Dieser Prachtband befindet sich in einem wunderschönen Behältnis, das mit einem hellgrünen Band verschlossen werden kann. Dargestellt ist auf diesem aufklappbaren, hochwertigen Karton ein nacktes Liebespaar beim Liebesspiel. Das Paar blickt sich tief in die Augen und bekundet damit, dass ein befriedigender Akt nur möglich ist, wenn auch die Seelen der Liebenden dabei zu Wort kommen dürfen, sich Mann und Frau durch ihren intensiven Blickkontakt als Spiegel dienen.

Nach einen Vorwort von Dr. Sudhir Kakar und einer überaus erhellenden Einleitung von Sandhya Mulchandani, kann man sich text- und bildlich (gemeint sind circa 140 edle Liebesspiel-Abbildungen aus dem Kamasutra) in folgende Kapitel vertiefen:

1. Liebe verstehen
2. Amouröse Avancen und Vereinigung
3. Über Bräute und Vermählungen
4. Zugeständnisse und Privilegien einer einzigen Ehefrau
5. Die Ehefrauen anderer Männer
6. Wege der Kurtisanen
7. Agents Provocateurs

Das Vorwort beginnt mit einer Frage: "Ist das Kamasutra, das berühmteste Buch der alten Welt über erotische Liebe, heute noch von Belang?" Dr.
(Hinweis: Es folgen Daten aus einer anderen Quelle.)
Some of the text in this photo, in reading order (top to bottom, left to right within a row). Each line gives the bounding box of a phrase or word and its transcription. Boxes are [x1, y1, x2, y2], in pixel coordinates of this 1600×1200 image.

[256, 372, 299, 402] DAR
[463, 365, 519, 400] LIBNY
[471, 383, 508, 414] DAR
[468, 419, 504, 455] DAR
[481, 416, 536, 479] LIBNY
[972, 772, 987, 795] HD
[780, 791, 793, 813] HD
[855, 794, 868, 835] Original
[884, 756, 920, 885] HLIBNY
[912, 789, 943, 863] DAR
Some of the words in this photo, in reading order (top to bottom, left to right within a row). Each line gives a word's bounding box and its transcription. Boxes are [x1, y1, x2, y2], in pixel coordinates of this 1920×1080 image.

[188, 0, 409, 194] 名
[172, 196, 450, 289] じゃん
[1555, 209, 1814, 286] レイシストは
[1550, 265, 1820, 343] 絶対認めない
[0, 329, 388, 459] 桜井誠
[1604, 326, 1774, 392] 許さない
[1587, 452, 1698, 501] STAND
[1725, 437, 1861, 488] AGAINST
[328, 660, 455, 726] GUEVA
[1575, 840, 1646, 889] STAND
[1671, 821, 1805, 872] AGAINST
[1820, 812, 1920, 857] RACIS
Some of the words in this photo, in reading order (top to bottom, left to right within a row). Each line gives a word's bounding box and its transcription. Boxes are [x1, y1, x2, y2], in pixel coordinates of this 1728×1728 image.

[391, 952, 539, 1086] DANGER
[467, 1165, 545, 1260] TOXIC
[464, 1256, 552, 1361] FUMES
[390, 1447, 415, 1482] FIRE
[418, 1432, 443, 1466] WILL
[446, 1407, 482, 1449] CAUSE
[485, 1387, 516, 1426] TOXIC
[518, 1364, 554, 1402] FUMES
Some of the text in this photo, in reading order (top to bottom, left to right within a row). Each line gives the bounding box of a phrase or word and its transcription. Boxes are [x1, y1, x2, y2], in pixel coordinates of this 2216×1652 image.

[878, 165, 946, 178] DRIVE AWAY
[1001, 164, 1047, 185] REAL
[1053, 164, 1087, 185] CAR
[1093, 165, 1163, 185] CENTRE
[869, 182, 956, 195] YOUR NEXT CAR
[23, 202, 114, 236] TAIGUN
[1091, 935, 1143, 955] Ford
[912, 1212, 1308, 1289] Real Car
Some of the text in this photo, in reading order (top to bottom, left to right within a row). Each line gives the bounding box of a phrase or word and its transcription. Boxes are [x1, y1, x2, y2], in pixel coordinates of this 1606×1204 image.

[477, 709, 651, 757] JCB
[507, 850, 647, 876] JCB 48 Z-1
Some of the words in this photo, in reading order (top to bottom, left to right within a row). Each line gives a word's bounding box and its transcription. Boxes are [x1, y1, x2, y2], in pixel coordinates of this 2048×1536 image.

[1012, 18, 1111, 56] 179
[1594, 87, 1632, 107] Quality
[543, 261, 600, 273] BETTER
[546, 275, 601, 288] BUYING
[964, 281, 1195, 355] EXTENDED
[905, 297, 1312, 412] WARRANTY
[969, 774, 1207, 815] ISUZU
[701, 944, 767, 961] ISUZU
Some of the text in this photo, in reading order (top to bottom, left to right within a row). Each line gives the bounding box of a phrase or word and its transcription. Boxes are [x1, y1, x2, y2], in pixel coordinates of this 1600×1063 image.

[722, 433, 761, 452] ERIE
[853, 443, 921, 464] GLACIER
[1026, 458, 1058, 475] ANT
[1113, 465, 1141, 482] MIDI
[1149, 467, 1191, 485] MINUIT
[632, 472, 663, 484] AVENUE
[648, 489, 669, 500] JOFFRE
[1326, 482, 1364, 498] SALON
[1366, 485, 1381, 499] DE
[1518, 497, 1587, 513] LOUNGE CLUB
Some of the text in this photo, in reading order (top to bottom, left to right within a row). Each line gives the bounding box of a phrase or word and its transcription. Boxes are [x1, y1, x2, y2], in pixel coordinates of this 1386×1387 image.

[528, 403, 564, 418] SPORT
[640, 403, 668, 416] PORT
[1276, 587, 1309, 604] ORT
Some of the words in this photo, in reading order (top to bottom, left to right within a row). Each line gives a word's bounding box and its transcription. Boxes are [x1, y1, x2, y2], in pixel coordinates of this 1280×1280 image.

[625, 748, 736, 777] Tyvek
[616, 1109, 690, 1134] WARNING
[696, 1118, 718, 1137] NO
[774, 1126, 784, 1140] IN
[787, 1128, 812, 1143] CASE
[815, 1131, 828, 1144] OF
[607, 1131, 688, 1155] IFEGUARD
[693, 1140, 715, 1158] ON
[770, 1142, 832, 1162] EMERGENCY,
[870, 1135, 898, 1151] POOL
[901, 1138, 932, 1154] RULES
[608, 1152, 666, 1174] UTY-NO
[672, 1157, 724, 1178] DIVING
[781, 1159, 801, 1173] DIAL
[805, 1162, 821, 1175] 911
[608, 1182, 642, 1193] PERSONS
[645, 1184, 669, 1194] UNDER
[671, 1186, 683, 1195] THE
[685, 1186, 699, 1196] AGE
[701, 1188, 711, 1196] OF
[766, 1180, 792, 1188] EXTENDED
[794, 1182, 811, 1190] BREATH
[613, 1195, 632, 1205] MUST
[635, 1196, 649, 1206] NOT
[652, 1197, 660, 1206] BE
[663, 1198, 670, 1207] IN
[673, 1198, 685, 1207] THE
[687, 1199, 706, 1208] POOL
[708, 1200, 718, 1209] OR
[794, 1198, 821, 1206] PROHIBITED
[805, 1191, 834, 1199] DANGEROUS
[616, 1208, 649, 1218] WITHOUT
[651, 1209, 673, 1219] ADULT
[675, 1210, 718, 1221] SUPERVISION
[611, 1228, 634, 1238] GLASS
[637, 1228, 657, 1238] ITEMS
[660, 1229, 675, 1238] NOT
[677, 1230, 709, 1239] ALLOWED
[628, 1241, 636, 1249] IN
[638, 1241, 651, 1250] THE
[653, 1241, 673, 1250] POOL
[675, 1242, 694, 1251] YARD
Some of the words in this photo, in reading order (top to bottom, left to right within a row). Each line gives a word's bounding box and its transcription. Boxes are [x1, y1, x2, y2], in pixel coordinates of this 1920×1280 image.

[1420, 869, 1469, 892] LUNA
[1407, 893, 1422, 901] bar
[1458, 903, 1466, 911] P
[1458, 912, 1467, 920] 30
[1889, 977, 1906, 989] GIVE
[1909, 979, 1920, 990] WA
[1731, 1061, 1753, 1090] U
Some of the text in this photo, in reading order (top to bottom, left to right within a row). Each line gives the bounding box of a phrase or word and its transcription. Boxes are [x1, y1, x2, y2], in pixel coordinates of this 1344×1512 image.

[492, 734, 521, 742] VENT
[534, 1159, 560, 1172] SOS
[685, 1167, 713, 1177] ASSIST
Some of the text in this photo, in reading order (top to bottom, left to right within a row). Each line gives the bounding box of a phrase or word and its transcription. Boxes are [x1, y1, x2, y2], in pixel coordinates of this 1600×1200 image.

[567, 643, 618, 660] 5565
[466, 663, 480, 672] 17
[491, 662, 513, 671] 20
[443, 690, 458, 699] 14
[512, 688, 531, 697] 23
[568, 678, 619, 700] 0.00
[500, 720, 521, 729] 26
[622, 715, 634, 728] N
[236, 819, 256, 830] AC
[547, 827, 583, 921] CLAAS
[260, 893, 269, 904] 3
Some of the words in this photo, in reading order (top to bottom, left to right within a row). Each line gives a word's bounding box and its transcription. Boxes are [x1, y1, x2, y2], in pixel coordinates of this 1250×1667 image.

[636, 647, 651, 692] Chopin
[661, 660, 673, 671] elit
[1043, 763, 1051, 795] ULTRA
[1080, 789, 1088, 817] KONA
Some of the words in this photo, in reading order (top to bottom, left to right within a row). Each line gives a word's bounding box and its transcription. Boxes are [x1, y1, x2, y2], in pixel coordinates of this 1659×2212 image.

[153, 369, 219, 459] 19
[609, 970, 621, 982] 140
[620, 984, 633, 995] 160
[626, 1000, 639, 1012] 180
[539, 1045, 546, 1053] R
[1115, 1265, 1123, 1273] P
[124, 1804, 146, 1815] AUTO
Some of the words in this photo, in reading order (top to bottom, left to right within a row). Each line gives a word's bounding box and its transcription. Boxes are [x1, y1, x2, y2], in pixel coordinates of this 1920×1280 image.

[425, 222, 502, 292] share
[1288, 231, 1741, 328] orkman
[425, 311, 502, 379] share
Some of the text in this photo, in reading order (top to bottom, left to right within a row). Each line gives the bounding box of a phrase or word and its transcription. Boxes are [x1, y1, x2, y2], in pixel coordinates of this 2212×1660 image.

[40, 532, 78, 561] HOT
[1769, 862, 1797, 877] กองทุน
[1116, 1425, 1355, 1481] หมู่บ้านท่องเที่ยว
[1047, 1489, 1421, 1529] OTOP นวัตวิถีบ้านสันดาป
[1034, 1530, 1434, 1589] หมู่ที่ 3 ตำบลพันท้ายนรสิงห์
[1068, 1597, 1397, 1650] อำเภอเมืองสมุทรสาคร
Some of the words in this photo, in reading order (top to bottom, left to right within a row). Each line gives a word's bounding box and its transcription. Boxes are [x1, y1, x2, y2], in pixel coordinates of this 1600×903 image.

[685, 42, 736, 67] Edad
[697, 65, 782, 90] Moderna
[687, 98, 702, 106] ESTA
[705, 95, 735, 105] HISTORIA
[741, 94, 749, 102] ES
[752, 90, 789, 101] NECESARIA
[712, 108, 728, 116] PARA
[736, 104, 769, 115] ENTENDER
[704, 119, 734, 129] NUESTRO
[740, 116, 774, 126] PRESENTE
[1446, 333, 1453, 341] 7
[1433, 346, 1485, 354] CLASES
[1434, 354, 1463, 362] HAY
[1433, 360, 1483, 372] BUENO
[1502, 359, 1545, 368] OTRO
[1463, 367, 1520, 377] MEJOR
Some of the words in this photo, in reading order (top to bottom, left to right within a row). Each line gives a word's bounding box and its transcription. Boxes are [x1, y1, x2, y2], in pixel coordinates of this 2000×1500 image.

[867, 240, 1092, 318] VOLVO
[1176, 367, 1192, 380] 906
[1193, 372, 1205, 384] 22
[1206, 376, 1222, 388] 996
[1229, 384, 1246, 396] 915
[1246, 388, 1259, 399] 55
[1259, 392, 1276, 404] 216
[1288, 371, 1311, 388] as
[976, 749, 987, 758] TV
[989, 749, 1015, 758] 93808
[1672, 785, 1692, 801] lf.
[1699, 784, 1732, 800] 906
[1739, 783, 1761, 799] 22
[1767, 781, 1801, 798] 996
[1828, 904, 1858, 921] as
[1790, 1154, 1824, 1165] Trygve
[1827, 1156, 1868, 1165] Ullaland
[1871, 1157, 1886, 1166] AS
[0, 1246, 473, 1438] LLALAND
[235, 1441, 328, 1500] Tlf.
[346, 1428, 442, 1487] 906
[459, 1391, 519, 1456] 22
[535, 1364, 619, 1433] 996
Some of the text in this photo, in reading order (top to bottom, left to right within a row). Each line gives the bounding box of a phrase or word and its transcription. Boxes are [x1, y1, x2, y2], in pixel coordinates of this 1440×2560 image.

Kakar beantwortet seine rhetorische Frage schon wenige Sätze später mit einem klaren Ja und erläutert, dass den meisten nicht bewusst sei, dass das Kamasutra mehr ist als nur ein Sexuallehrbuch sei. Es handelt sich nämlich um den ersten umfassenden Leitfaden zu einem erotischen Leben in seiner gesamten Fülle. Heute dürften die psychologischen Aspekte des Buches interessanter sein als die beschriebenen Sexualstellungen, meint Dr. Kakar weiter und verweist diesbezüglich auf Teil 6. Dort nämlich denkt eine Frau darüber nach, wie man an einen Liebhaber kommt, auch wie man diesen wieder los wird und auch, woran man erkennt, dass seine Gefühle für sie abkühlen. Das Kamasutra zeichnet sich durch viele weise Ratschläge aus, z. B. über Flirten und Verführen eines Partners und es macht deutlich, dass die Zeit nach dem Sex im gleichen Maße Aufmerksamkeit verdient, wie der Geschlechtsakt selbst, (vgl.: S. 8)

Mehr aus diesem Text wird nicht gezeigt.